Integrating Terraform with HashiCorp Vault to manage static secrets
One challenge that comes up when provisioning resources over a cloud using Terraform is that you will need some form of credentials to log into the cloud or to access those resources. You don’t want to store those credentials inside your code, especially if you check your code into a versioning control system (VCS) for obvious reasons.
Even if you would provide Terraform with your credentials in a secure way, like the secure variable store (terraform.tfvars), it will most likely be the case that they end up somewhere inside the state file.
We can use HashiCorp Vault to manage secrets and integrating it with Terraform is a secure way to handle sensitive information.
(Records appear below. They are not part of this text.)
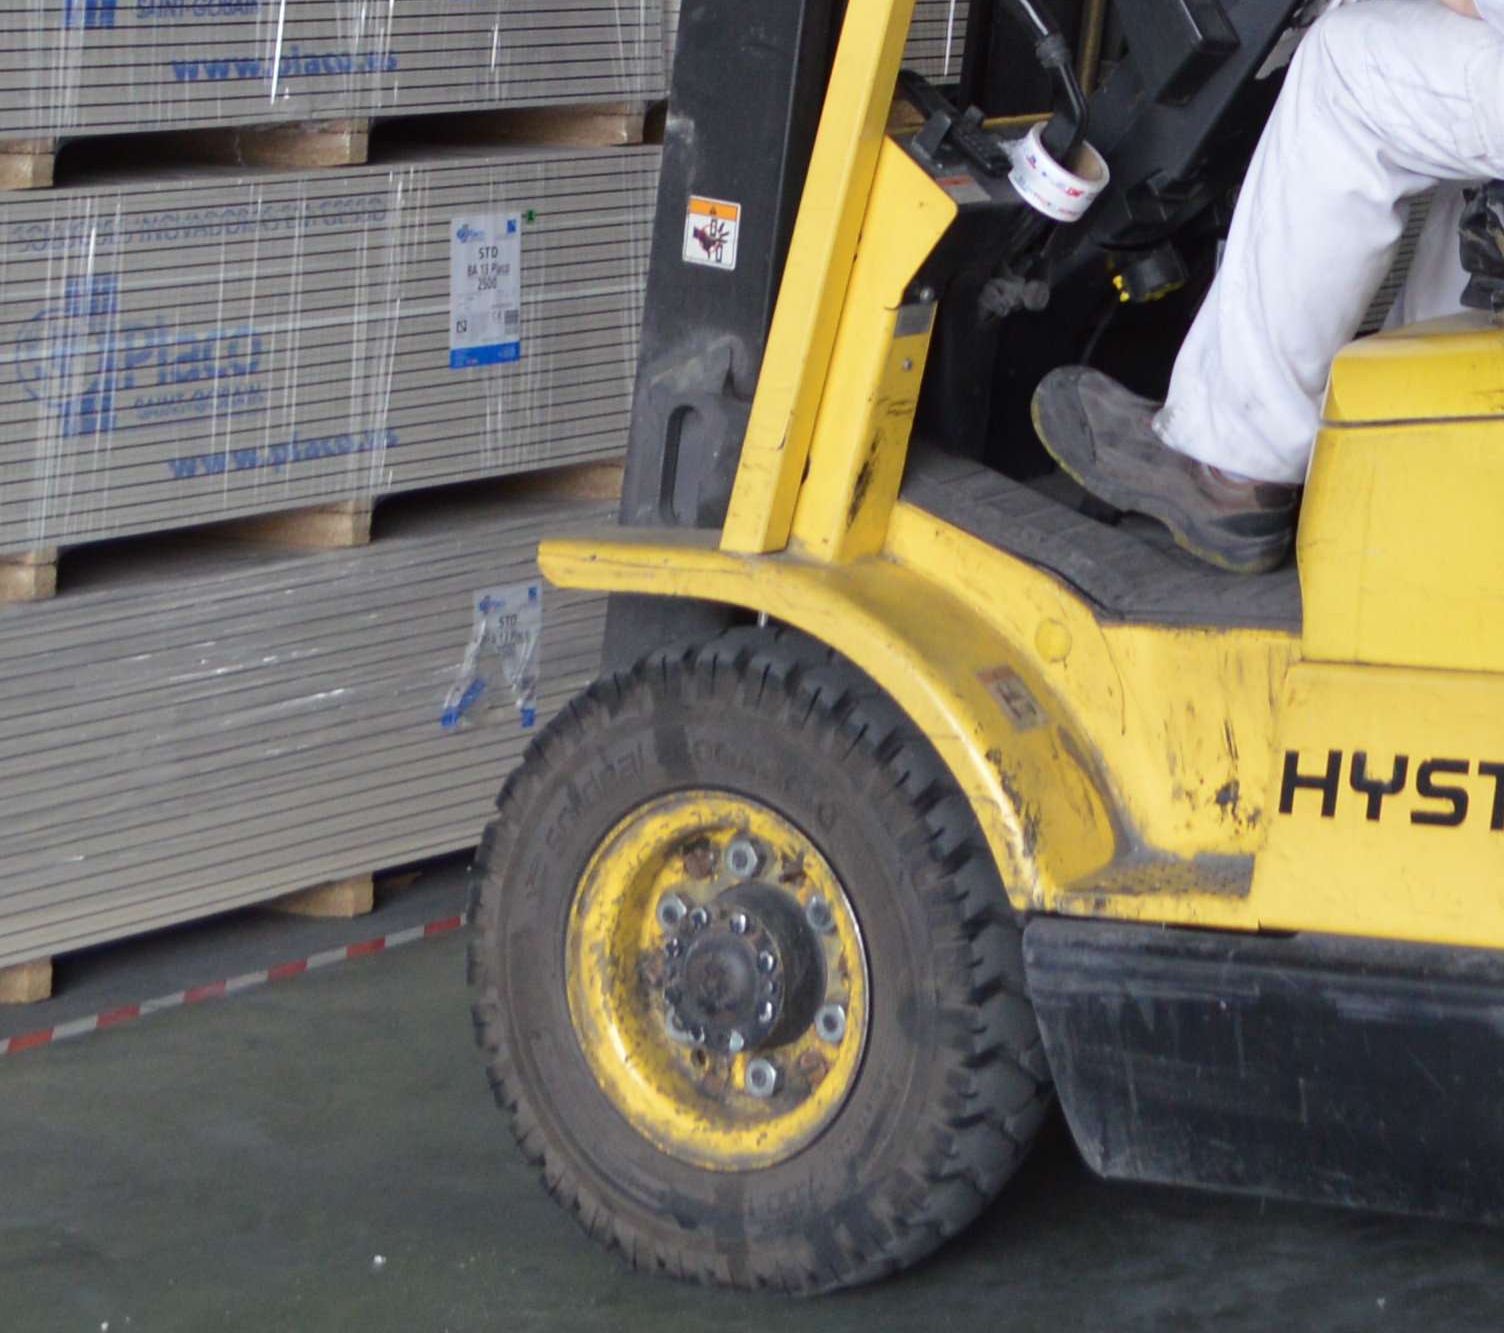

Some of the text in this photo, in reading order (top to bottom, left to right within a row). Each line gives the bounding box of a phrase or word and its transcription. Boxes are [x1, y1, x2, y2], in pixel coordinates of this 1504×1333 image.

[171, 43, 398, 84] www.placo.es
[135, 207, 275, 248] INOVADORAS
[319, 196, 388, 229] GESSO
[467, 264, 478, 278] BA
[480, 262, 489, 276] 13
[478, 246, 499, 260] STD
[123, 315, 263, 390] Placo
[169, 429, 398, 480] www.placo.es
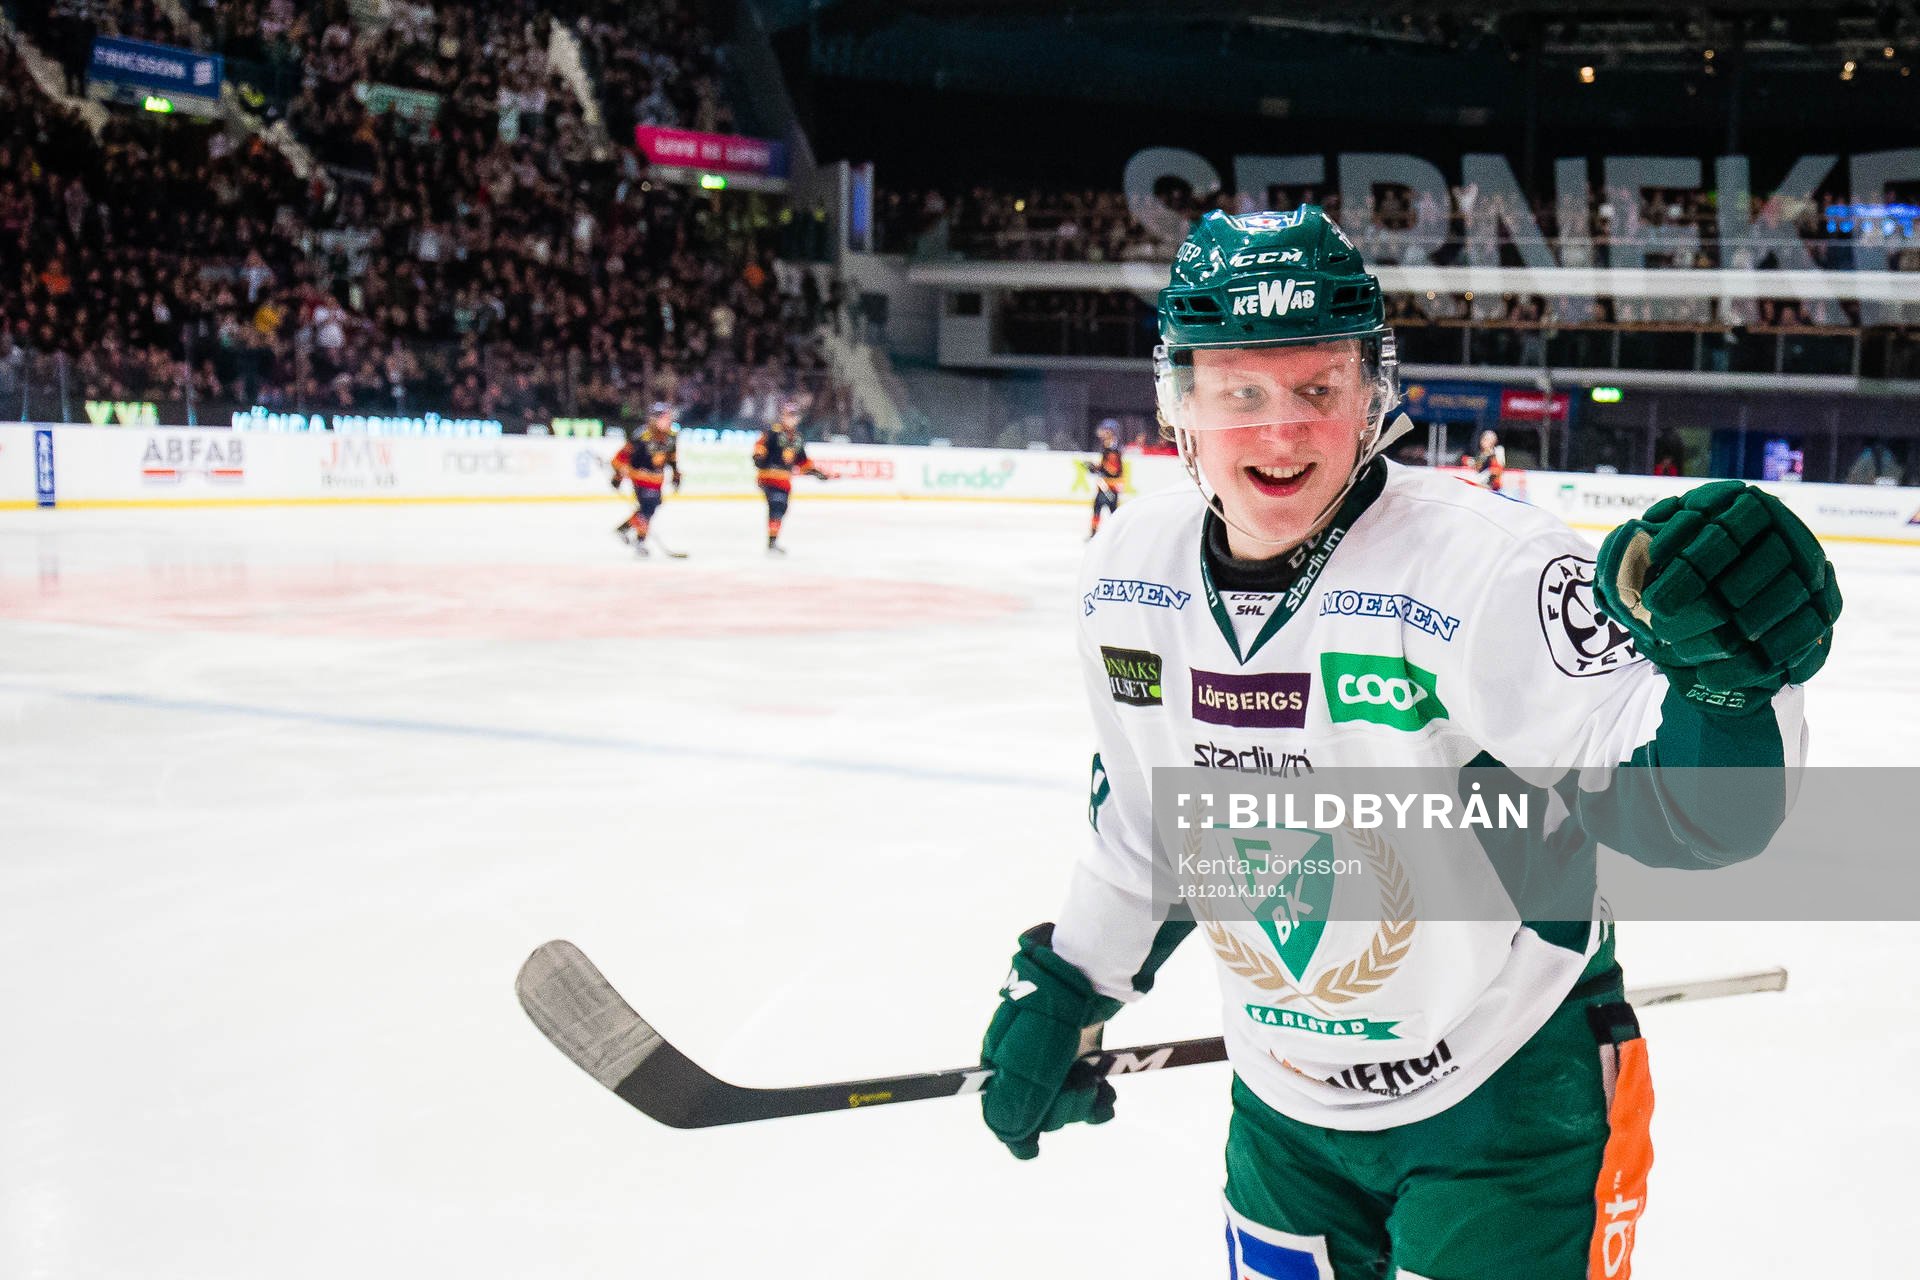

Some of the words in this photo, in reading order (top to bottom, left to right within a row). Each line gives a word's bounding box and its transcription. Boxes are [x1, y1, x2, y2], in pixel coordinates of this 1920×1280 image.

Store Secrets in HashiCorp Vault
Sign in to Vault using Vault token.
Enable a KV Secrets Engine under Secrets. Define the path and store your secrets under that path. In this example, my rds username and password are stored under "terraform/variables/RDS".
Now, to use static secrets stored in HashiCorp Vault in your Terraform code, you can use following method.
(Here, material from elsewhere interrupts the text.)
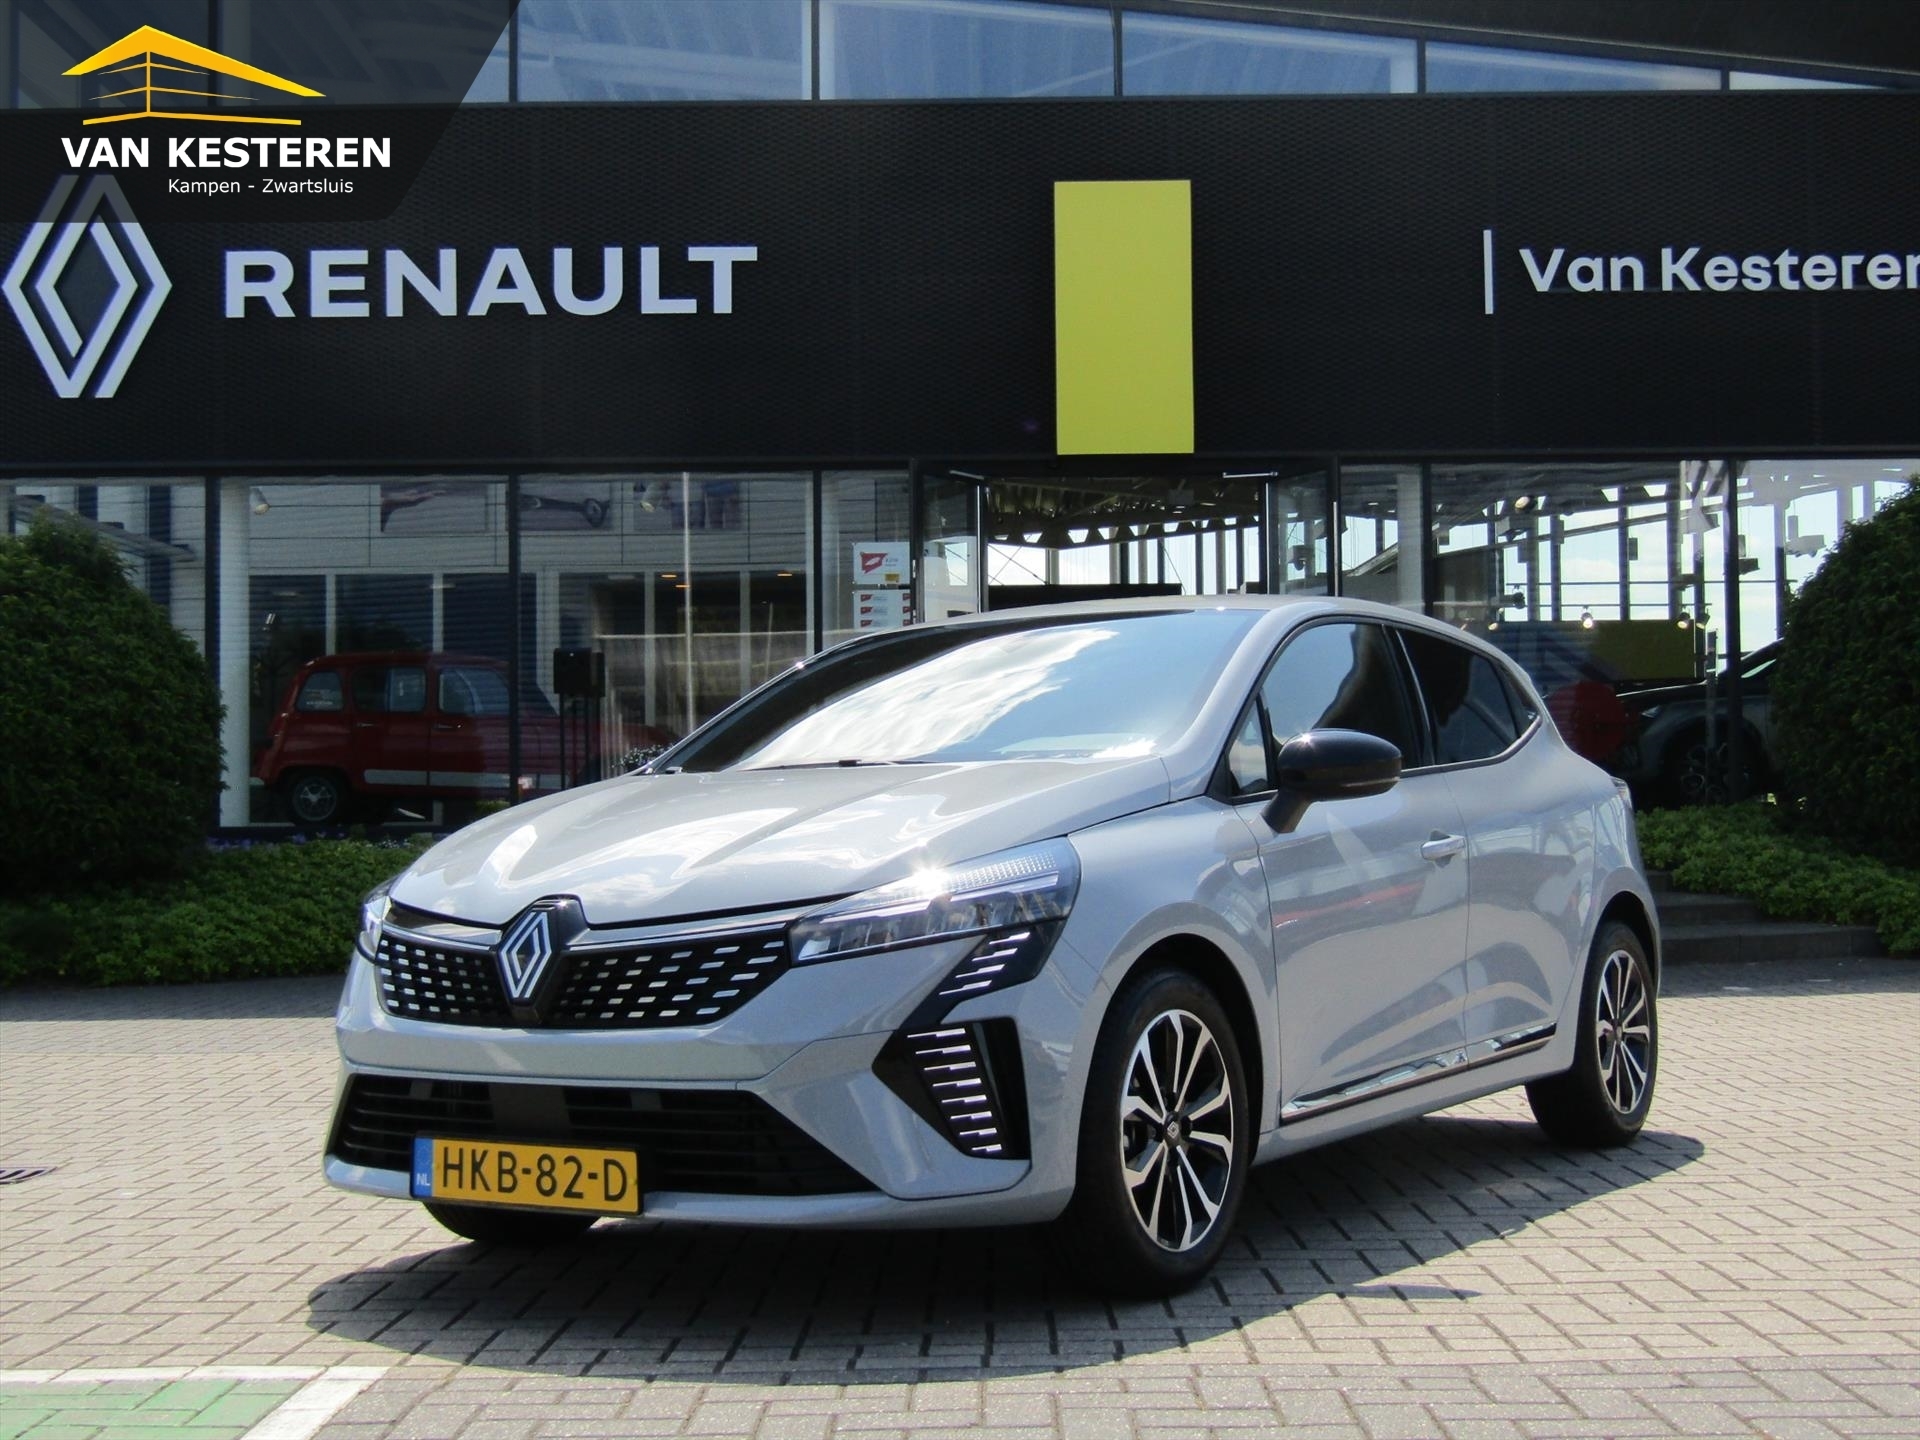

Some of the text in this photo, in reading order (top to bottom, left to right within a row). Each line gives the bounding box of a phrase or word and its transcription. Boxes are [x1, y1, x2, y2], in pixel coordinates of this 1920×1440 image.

[224, 245, 758, 319] RENAULT
[1519, 247, 1645, 292] Van
[416, 1172, 431, 1187] NL
[442, 1146, 628, 1202] HKB-82-D
Authentication using Vault token
Set up the Vault Provider: First, you need to configure the Vault provider in your Terraform code. The Vault provider allows Terraform to communicate with HashiCorp Vault.
provider "vault" { address = "https://your_vault_url.com" }
Authentication: Terraform needs to authenticate with Vault to access the secrets. There are several ways to authenticate, including using a token, an AppRole, or Kubernetes authentication. Let's use the token method in this example.
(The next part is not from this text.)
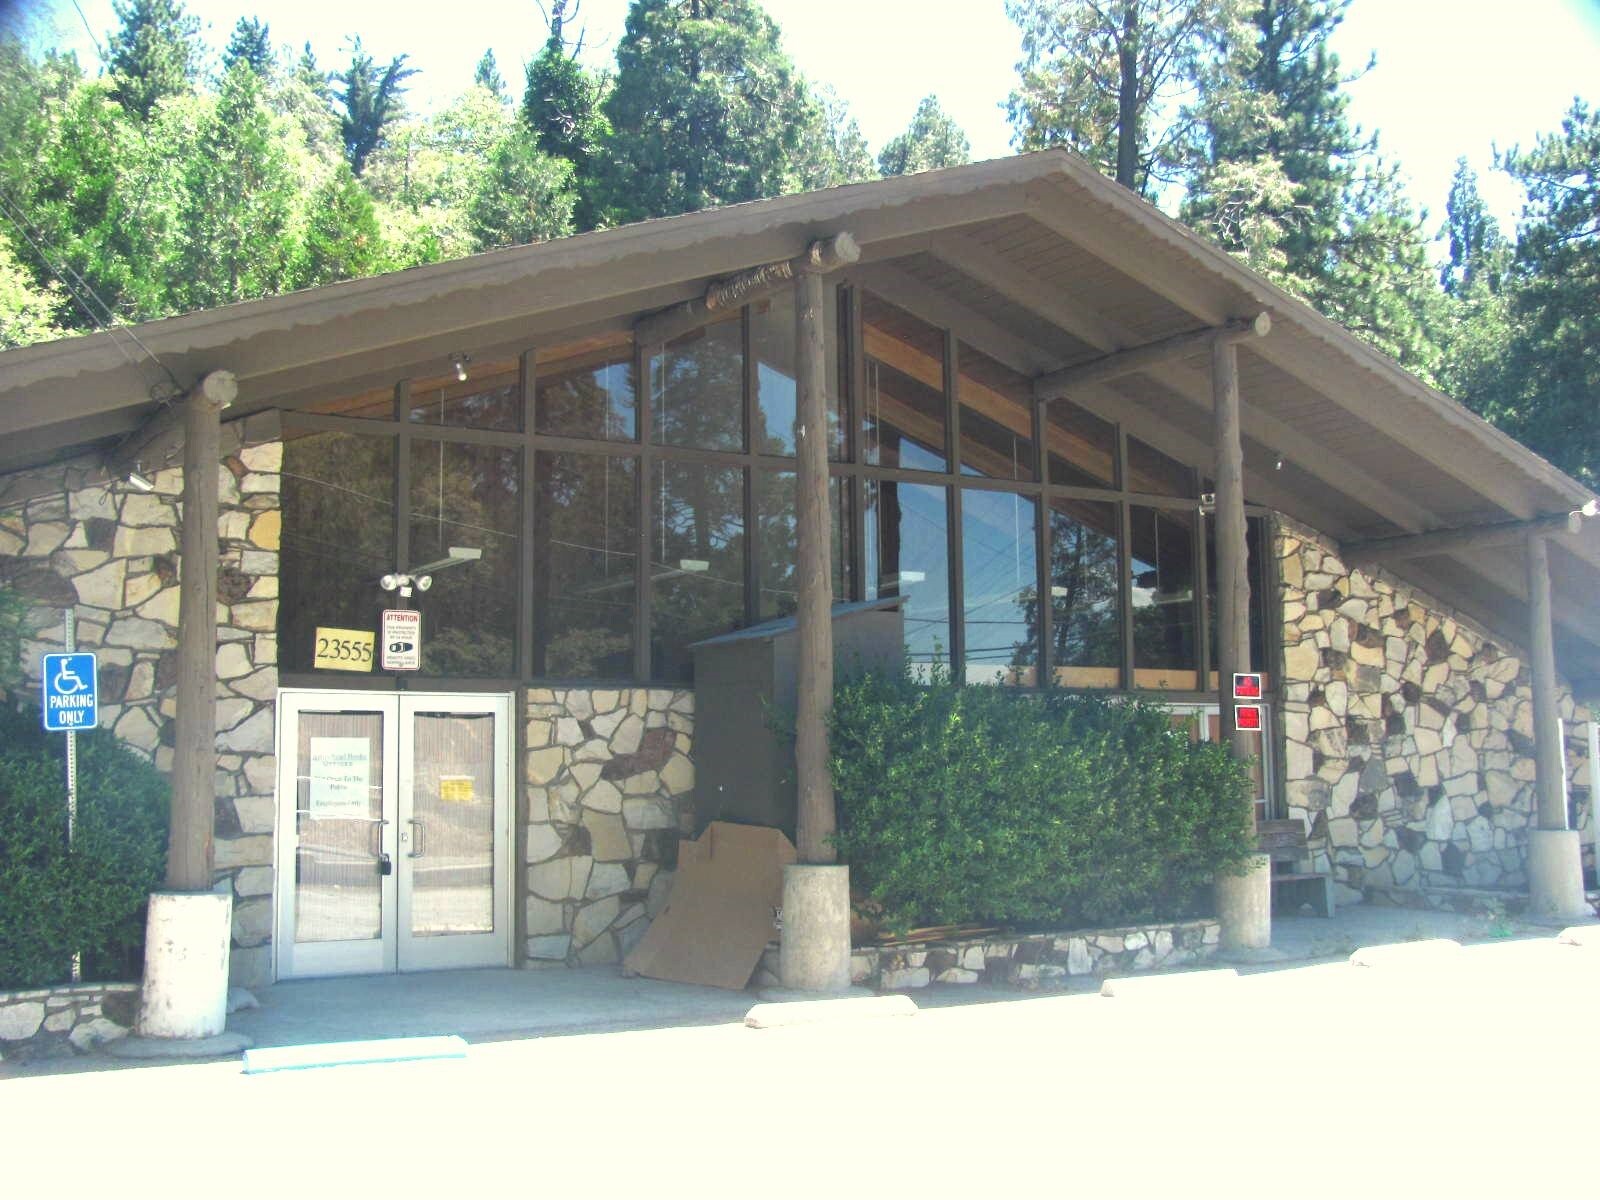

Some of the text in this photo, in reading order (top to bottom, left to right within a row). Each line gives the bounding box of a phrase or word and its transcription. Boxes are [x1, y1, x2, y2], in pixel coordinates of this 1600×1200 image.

[386, 614, 418, 623] ATTENTION
[317, 638, 372, 662] 23555
[50, 694, 93, 708] PARKING
[59, 710, 84, 724] ONLY
2.1. Obtain a Vault token: You will have a Vault token once you have configured Vault. You can also generate a Vault token manually.
2.2. Set the token in Terraform: Export the Vault token as an environment variable or set it directly in your Terraform configuration.
provider "vault" { address = "https://your_vault_url.com" skip_tls_verify = true token = "your_vault_token" }
Accessing Secrets: Now that Terraform is authenticated with Vault, you can access secrets by using the
vault_generic_secret
data source.For example, let's say you have a secret named "RDS" with username and password stored in Vault.
data "vault_generic_secret" "rds" { path = "terraform/variables/RDS" } resource "aws_db_instance" "this" { for_each = local.rds_db identifier = each.value.name engine = each.value.engine engine_version = each.value.engine_version instance_class = each.value.instance_class allocated_storage = each.value.allocated_storage username = data.vault_generic_secret.rds.data.rds_username password = data.vault_generic_secret.rds.data.rds_password vpc_security_group_ids = var.vpc_security_group_ids db_subnet_group_name = aws_db_subnet_group.this[each.value.name].id availability_zone = var.availability_zone multi_az = var.multi_az publicly_accessible = var.publicly_accessible tags = merge( { "Name" = format("%s", each.value.name) }, var.tags ) }
In this example, we're using the Vault provider to access the secret at the path "terraform/variables/RDS" and extracting the username and password from it. These values for username and password can then be used in the AWS DB instance resource.
Apply Terraform: When you run
terraform apply
, Terraform will read the secrets from Vault and populate them into your infrastructure code.